Imagine living Palm Sunday as it happened. You’ve made the pilgrimage to Jerusalem with your family. It is Passover, the sacred remembrance of when God led the Israelites out of Egypt. The city is full, buzzing with anticipation. You are busy preparing for the meal, carefully selecting your sacrificial lamb. It must be pure, without blemish. You’ve chosen well, spotless, the right size, set apart. There’s talk in the streets about a man named Jesus. Some say He heals the sick. Others say He casts out demons. Whispers grow louder: Could this be the Messiah?
Then suddenly, commotion. “Hosanna!” “Save us now!” You rush outside, pressing through the crowd, palm branches waving, cloaks thrown onto the road. And then, you see Him. Riding on a colt. Your heart catches. You remember the words of the prophet Zechariah. You learned them as a child. This is how the King would come. Could it really be? “Hosanna! Hosanna!” you cry out with the others. At last, the One who will rescue us. The One who will overthrow Rome. The One who will restore our people. But… He doesn’t look like a warrior. No armor. No army. No force. Just a humble man on a donkey.
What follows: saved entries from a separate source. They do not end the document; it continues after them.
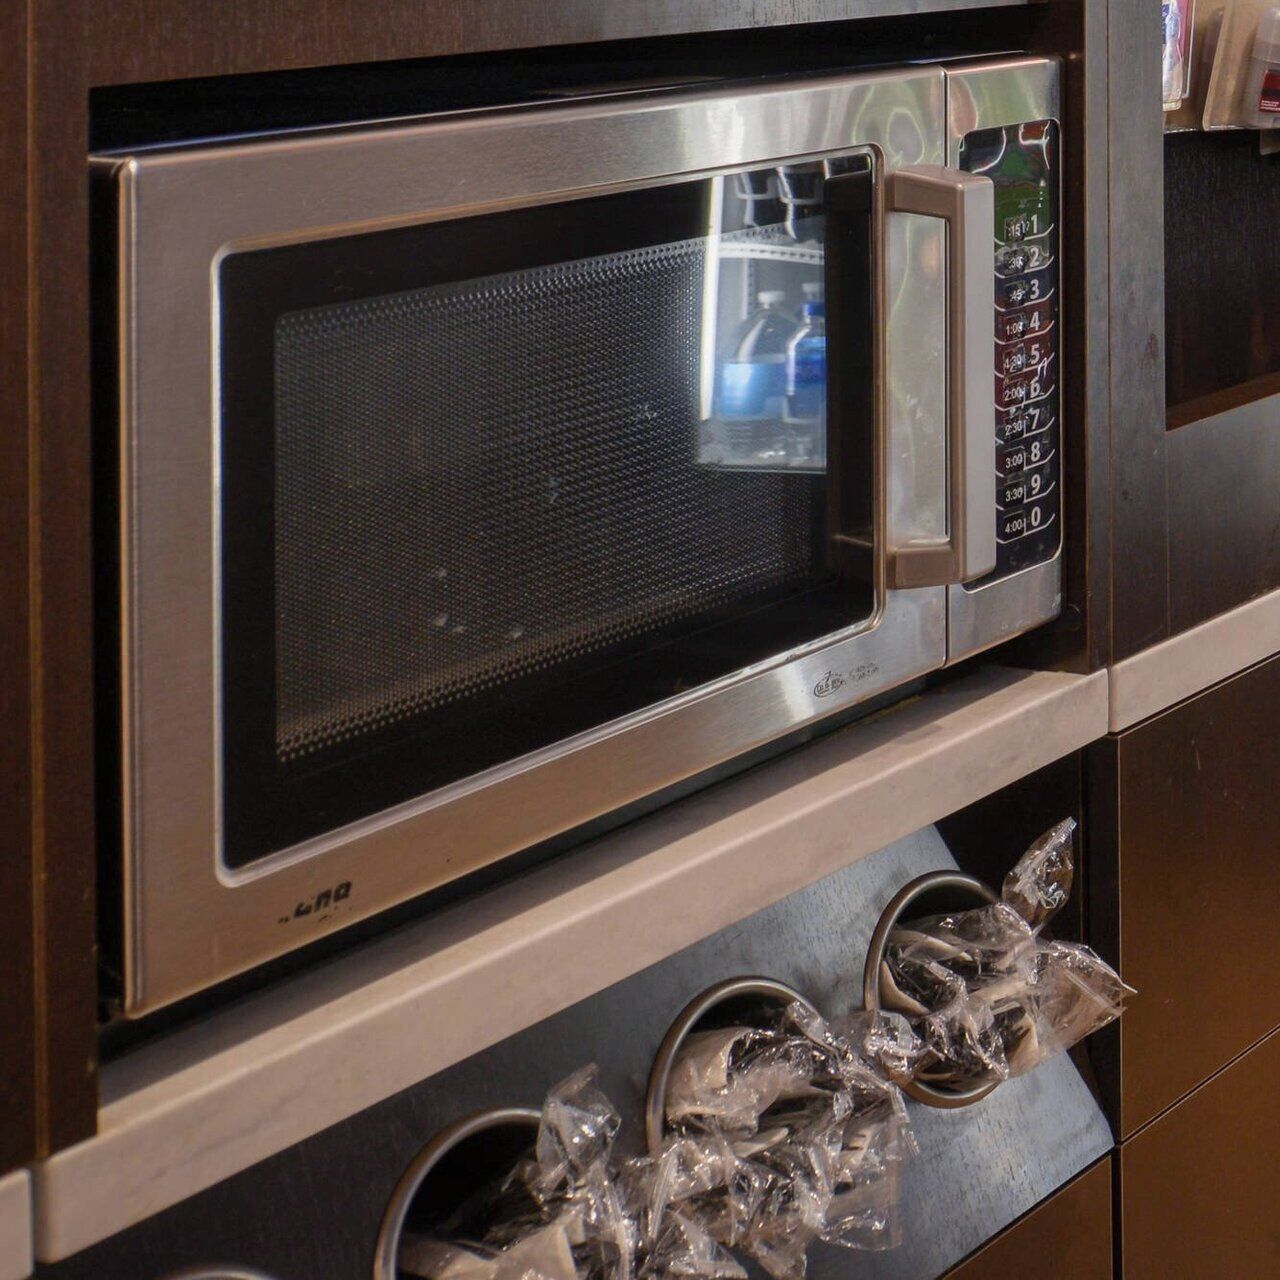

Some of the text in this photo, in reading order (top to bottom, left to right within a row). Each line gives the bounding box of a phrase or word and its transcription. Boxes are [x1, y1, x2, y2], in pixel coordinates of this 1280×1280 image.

[1031, 214, 1037, 234] 1
[1030, 248, 1039, 267] 2
[1030, 279, 1039, 299] 3
[1030, 312, 1040, 331] 4
[1031, 344, 1040, 364] 5
[1004, 386, 1023, 401] 2:00
[1031, 408, 1040, 429] 7
[1005, 421, 1023, 436] 2:30
[1005, 454, 1023, 469] 3:00
[1031, 442, 1040, 462] 8
[1031, 474, 1040, 494] 9
[1005, 487, 1023, 502] 3:30
[1031, 506, 1041, 526] 0
[1005, 519, 1022, 534] 4:00
They were waiting with expectation, full of hope for a Savior. But they had already decided what that Savior should look like. A conqueror. A king of power. A deliverer on their terms. Instead, Jesus came in humility. Not to conquer Rome, but to conquer sin.
Not to overthrow governments, but to overthrow death itself. He is King—just not the kind they expected.
And how often do we do the same? We celebrate when God moves the way we hoped. We praise when His plans align with ours. We shout “Hosanna” when the outcome feels like victory to us. But when He doesn’t… When He’s quieter than we expected, slower than we wanted, or working in ways we don’t understand. Do we still trust Him? Do we still follow?
Jesus didn’t come to meet expectations. He came to fulfill promises. He turned the world’s idea of power upside down, choosing humility, sacrifice, and grace. And in doing so, He secured the only victory that truly matters.
So the question Palm Sunday leaves us with is this: Do you praise Jesus for who He truly is or only for who you hoped He would be?